Source records:
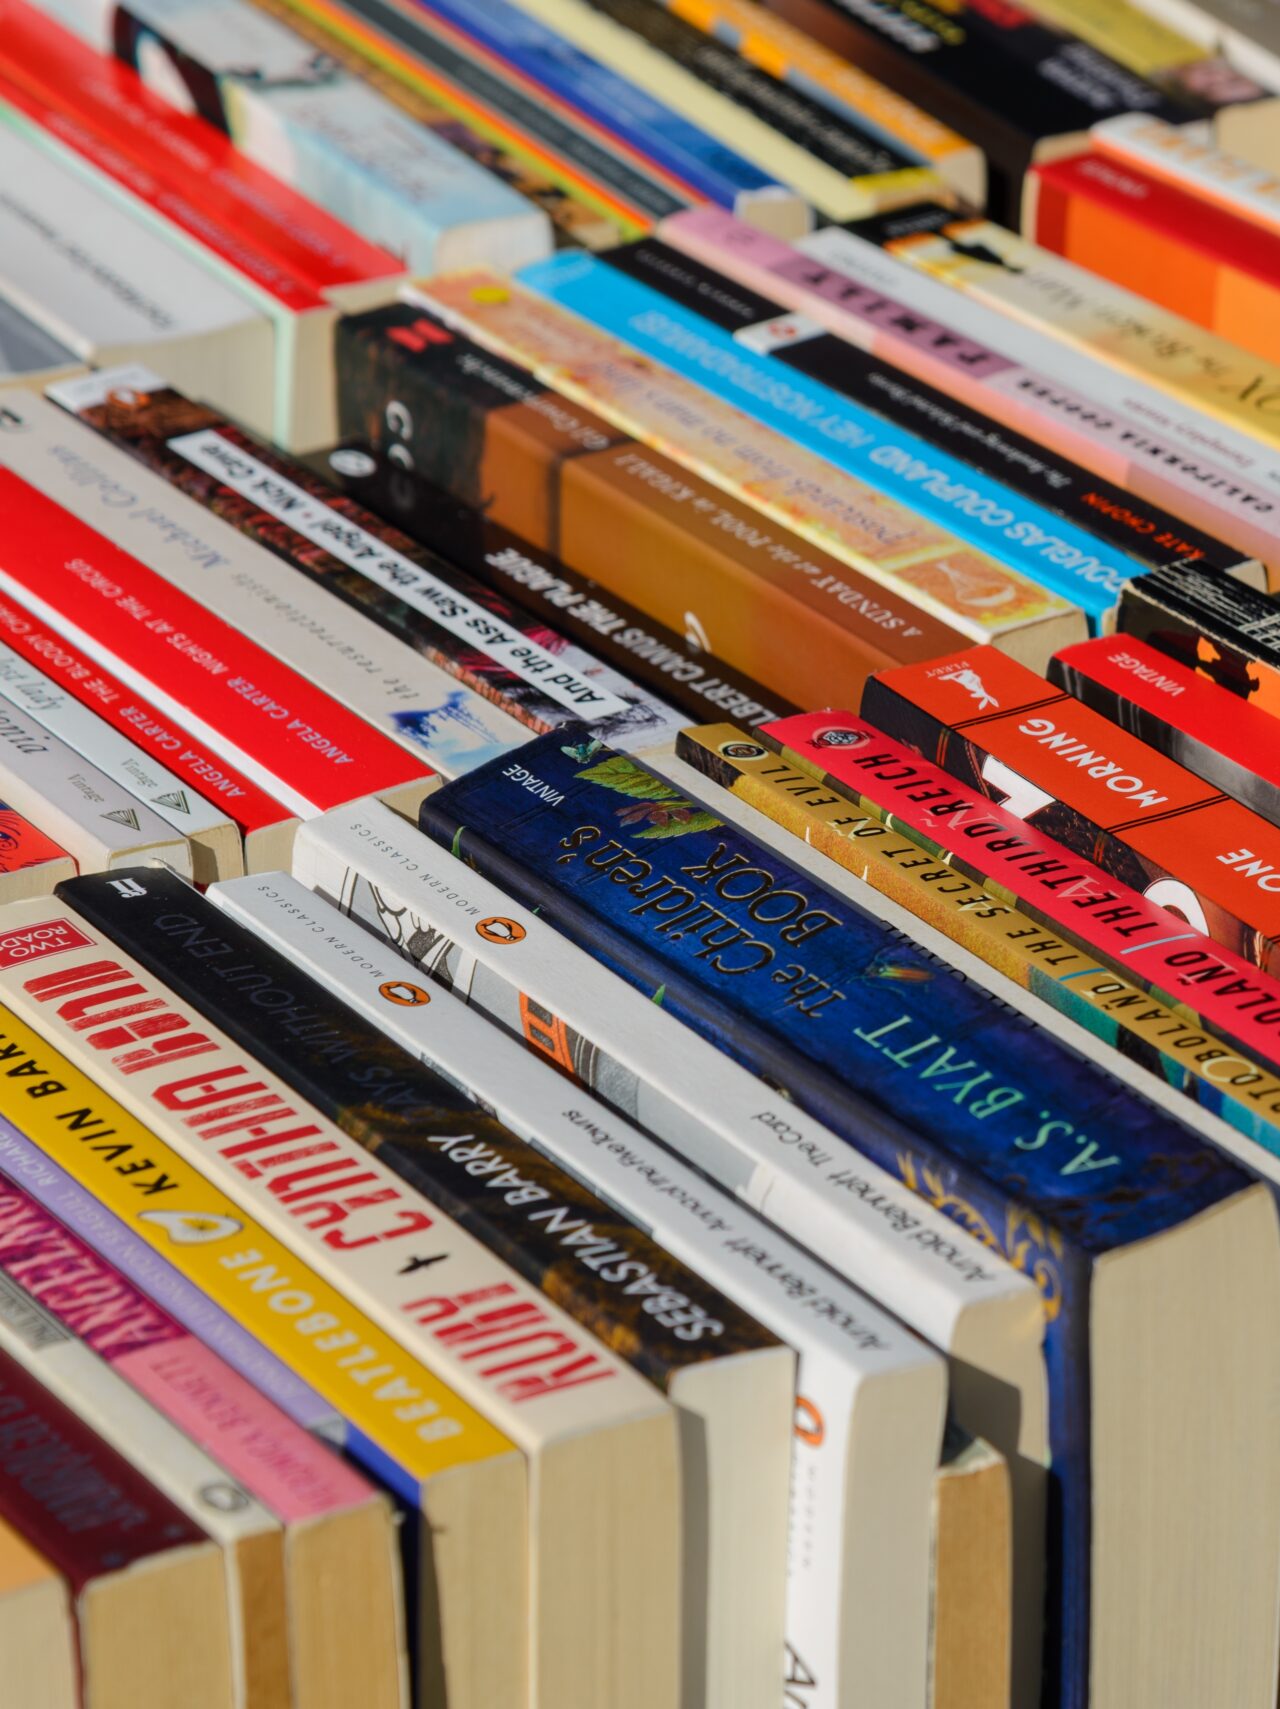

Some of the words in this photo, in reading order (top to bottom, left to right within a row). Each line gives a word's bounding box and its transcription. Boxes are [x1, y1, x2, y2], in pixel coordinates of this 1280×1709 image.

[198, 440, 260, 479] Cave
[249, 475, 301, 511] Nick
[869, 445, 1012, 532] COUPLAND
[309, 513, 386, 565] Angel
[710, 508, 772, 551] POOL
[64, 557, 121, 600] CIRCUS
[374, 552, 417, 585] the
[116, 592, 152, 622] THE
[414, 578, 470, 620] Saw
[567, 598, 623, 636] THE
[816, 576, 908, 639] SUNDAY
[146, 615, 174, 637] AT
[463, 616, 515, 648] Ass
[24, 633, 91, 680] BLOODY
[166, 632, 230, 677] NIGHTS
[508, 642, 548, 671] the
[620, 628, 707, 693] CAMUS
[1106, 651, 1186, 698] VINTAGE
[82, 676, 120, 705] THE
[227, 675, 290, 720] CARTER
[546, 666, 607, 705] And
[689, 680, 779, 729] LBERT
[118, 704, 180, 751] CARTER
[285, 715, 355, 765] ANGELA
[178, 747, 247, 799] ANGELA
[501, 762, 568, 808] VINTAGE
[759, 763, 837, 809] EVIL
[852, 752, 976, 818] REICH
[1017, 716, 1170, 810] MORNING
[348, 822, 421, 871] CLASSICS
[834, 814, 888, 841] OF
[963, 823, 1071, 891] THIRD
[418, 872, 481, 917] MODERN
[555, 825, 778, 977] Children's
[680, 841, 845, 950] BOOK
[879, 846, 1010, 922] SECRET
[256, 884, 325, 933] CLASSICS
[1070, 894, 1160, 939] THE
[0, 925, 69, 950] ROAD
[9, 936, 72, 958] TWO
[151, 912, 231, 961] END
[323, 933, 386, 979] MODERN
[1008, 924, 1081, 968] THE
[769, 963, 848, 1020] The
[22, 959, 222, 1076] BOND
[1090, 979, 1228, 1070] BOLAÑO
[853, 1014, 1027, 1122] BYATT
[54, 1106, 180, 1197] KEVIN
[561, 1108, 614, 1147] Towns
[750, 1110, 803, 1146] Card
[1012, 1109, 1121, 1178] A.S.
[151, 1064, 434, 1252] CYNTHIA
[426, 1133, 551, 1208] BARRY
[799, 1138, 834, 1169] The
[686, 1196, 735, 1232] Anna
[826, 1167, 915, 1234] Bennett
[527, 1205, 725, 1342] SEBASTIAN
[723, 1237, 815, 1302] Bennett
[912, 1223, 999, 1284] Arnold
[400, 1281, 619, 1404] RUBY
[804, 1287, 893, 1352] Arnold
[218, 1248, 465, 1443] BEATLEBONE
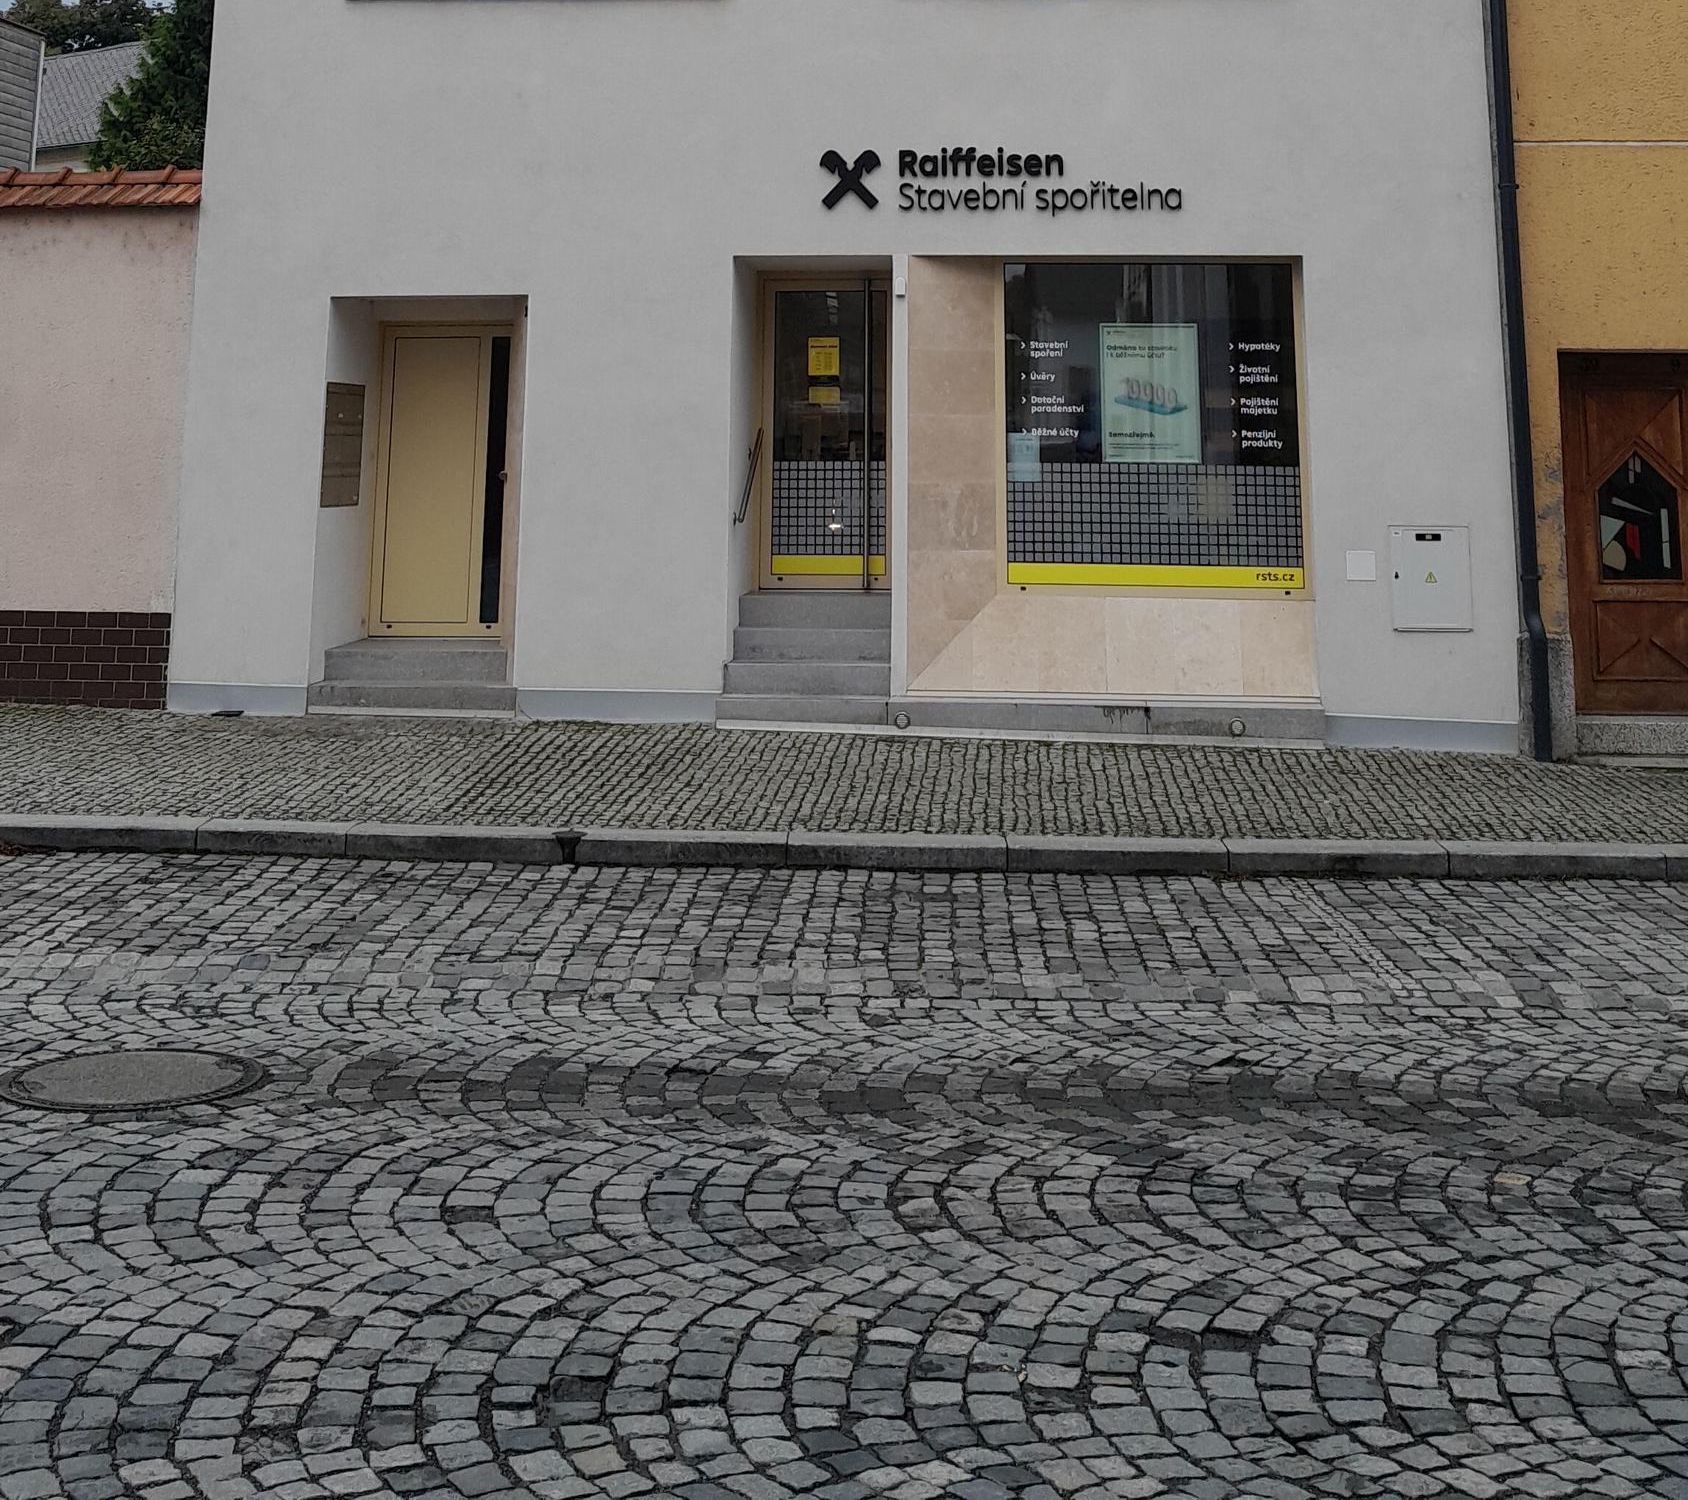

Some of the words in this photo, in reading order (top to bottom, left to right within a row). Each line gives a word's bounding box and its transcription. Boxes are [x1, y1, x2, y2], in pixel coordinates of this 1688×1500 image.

Brief: Leaving the pictures out, transcribe the entries above exactly as written.

Task result:
Some of the words in this photo, in reading order (top to bottom, left to right within a row). Each line gives a word's bounding box and its transcription. Boxes are [x1, y1, x2, y2], in pixel coordinates of this 1280×1709 image.

[198, 440, 260, 479] Cave
[249, 475, 301, 511] Nick
[869, 445, 1012, 532] COUPLAND
[309, 513, 386, 565] Angel
[710, 508, 772, 551] POOL
[64, 557, 121, 600] CIRCUS
[374, 552, 417, 585] the
[116, 592, 152, 622] THE
[414, 578, 470, 620] Saw
[567, 598, 623, 636] THE
[816, 576, 908, 639] SUNDAY
[146, 615, 174, 637] AT
[463, 616, 515, 648] Ass
[24, 633, 91, 680] BLOODY
[166, 632, 230, 677] NIGHTS
[508, 642, 548, 671] the
[620, 628, 707, 693] CAMUS
[1106, 651, 1186, 698] VINTAGE
[82, 676, 120, 705] THE
[227, 675, 290, 720] CARTER
[546, 666, 607, 705] And
[689, 680, 779, 729] LBERT
[118, 704, 180, 751] CARTER
[285, 715, 355, 765] ANGELA
[178, 747, 247, 799] ANGELA
[501, 762, 568, 808] VINTAGE
[759, 763, 837, 809] EVIL
[852, 752, 976, 818] REICH
[1017, 716, 1170, 810] MORNING
[348, 822, 421, 871] CLASSICS
[834, 814, 888, 841] OF
[963, 823, 1071, 891] THIRD
[418, 872, 481, 917] MODERN
[555, 825, 778, 977] Children's
[680, 841, 845, 950] BOOK
[879, 846, 1010, 922] SECRET
[256, 884, 325, 933] CLASSICS
[1070, 894, 1160, 939] THE
[0, 925, 69, 950] ROAD
[9, 936, 72, 958] TWO
[151, 912, 231, 961] END
[323, 933, 386, 979] MODERN
[1008, 924, 1081, 968] THE
[769, 963, 848, 1020] The
[22, 959, 222, 1076] BOND
[1090, 979, 1228, 1070] BOLAÑO
[853, 1014, 1027, 1122] BYATT
[54, 1106, 180, 1197] KEVIN
[561, 1108, 614, 1147] Towns
[750, 1110, 803, 1146] Card
[1012, 1109, 1121, 1178] A.S.
[151, 1064, 434, 1252] CYNTHIA
[426, 1133, 551, 1208] BARRY
[799, 1138, 834, 1169] The
[686, 1196, 735, 1232] Anna
[826, 1167, 915, 1234] Bennett
[527, 1205, 725, 1342] SEBASTIAN
[723, 1237, 815, 1302] Bennett
[912, 1223, 999, 1284] Arnold
[400, 1281, 619, 1404] RUBY
[804, 1287, 893, 1352] Arnold
[218, 1248, 465, 1443] BEATLEBONE

Some of the words in this photo, in reading order (top to bottom, left to right within a row). Each line gives a word's bounding box and its transcription. Boxes are [x1, y1, x2, y2], in pixel coordinates of this 1688×1500 image.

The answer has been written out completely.